##### INFORMATION GIVEN

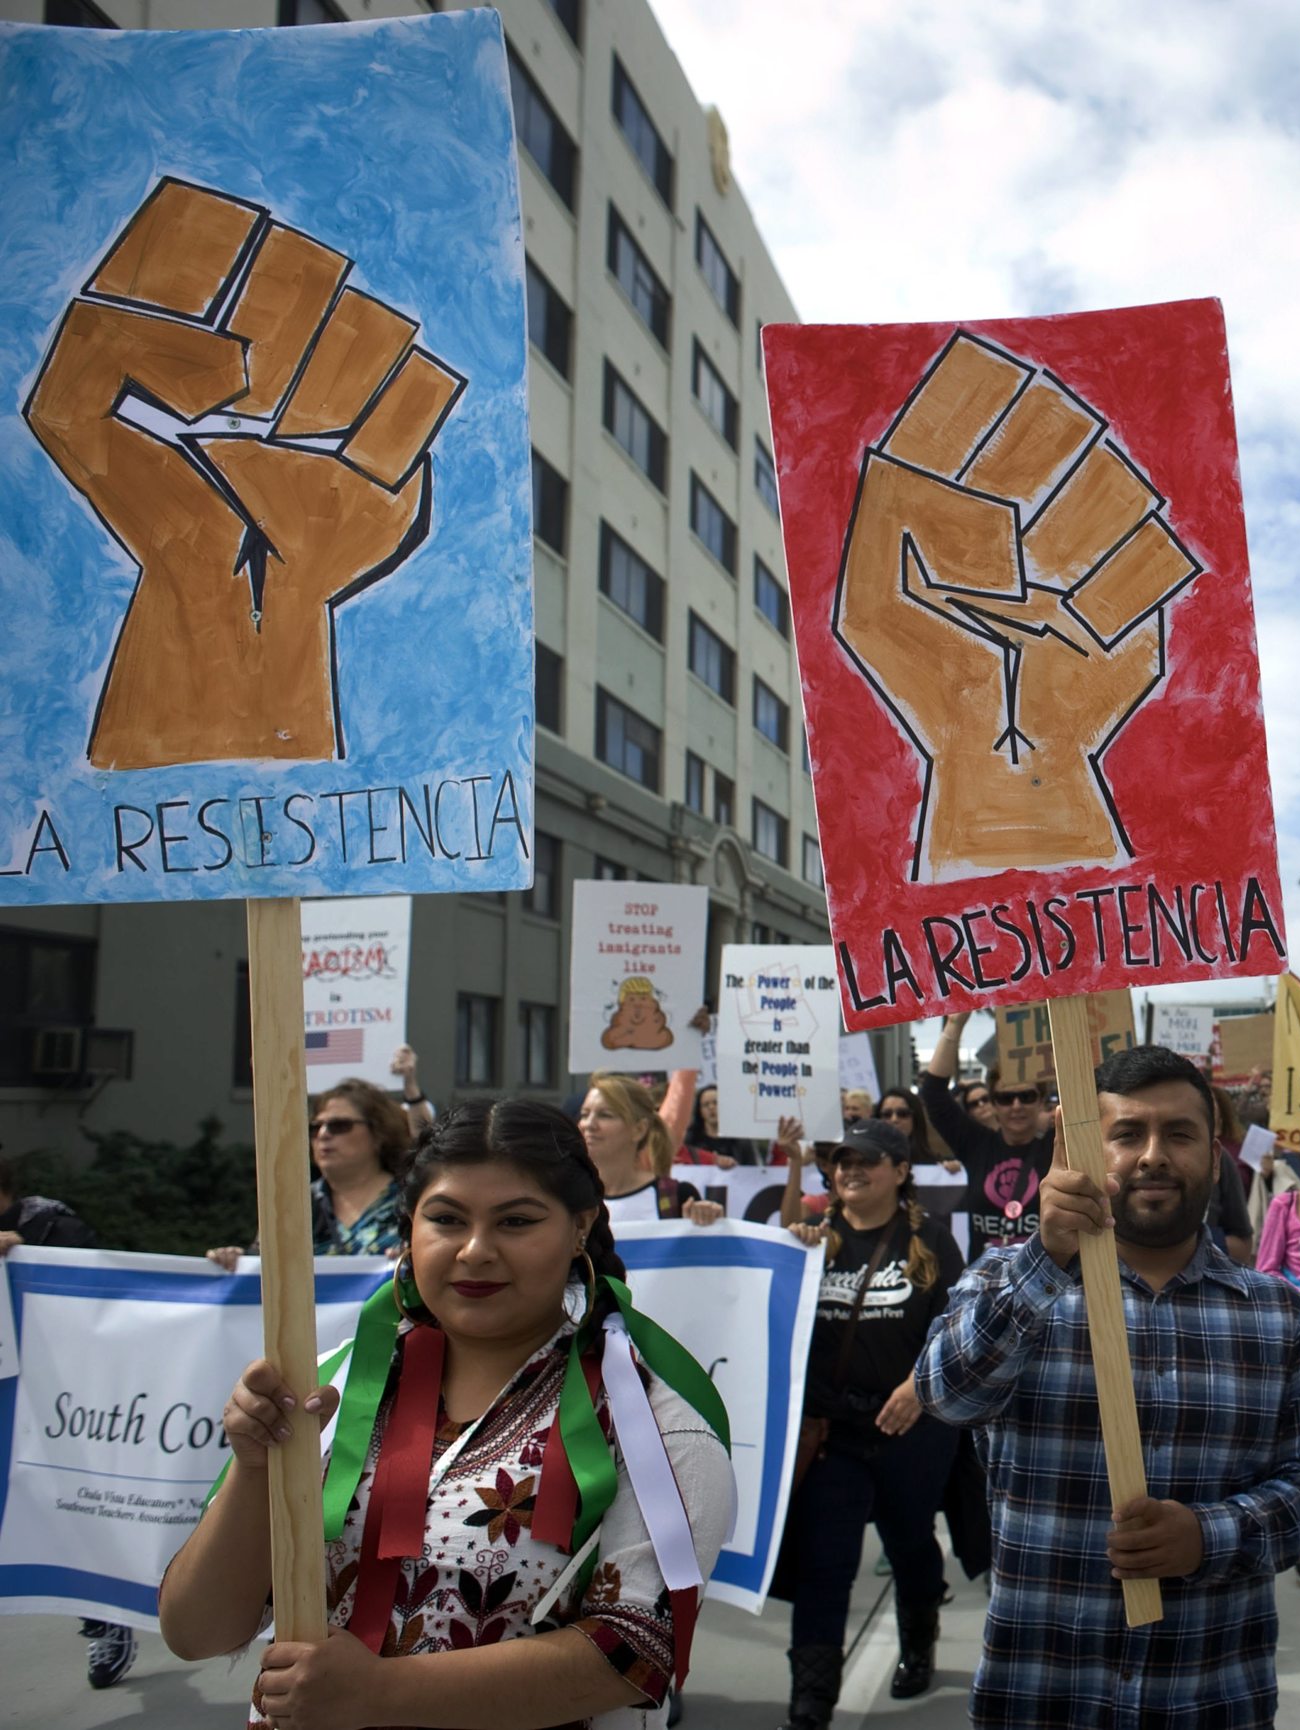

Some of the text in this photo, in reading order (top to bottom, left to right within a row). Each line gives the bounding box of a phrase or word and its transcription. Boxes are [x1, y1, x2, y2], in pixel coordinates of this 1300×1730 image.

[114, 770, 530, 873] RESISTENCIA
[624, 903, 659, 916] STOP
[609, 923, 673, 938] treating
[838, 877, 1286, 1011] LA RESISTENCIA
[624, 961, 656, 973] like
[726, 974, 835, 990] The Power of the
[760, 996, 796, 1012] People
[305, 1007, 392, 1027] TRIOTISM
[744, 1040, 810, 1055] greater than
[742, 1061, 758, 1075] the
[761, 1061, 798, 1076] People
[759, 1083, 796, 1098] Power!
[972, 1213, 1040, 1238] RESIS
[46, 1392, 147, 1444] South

##########

An exact retyping of each record, with no pictures, is the answer required.

Some of the text in this photo, in reading order (top to bottom, left to right within a row). Each line gives the bounding box of a phrase or word and its transcription. Boxes are [x1, y1, x2, y2], in pixel coordinates of this 1300×1730 image.

[114, 770, 530, 873] RESISTENCIA
[624, 903, 659, 916] STOP
[609, 923, 673, 938] treating
[838, 877, 1286, 1011] LA RESISTENCIA
[624, 961, 656, 973] like
[726, 974, 835, 990] The Power of the
[760, 996, 796, 1012] People
[305, 1007, 392, 1027] TRIOTISM
[744, 1040, 810, 1055] greater than
[742, 1061, 758, 1075] the
[761, 1061, 798, 1076] People
[759, 1083, 796, 1098] Power!
[972, 1213, 1040, 1238] RESIS
[46, 1392, 147, 1444] South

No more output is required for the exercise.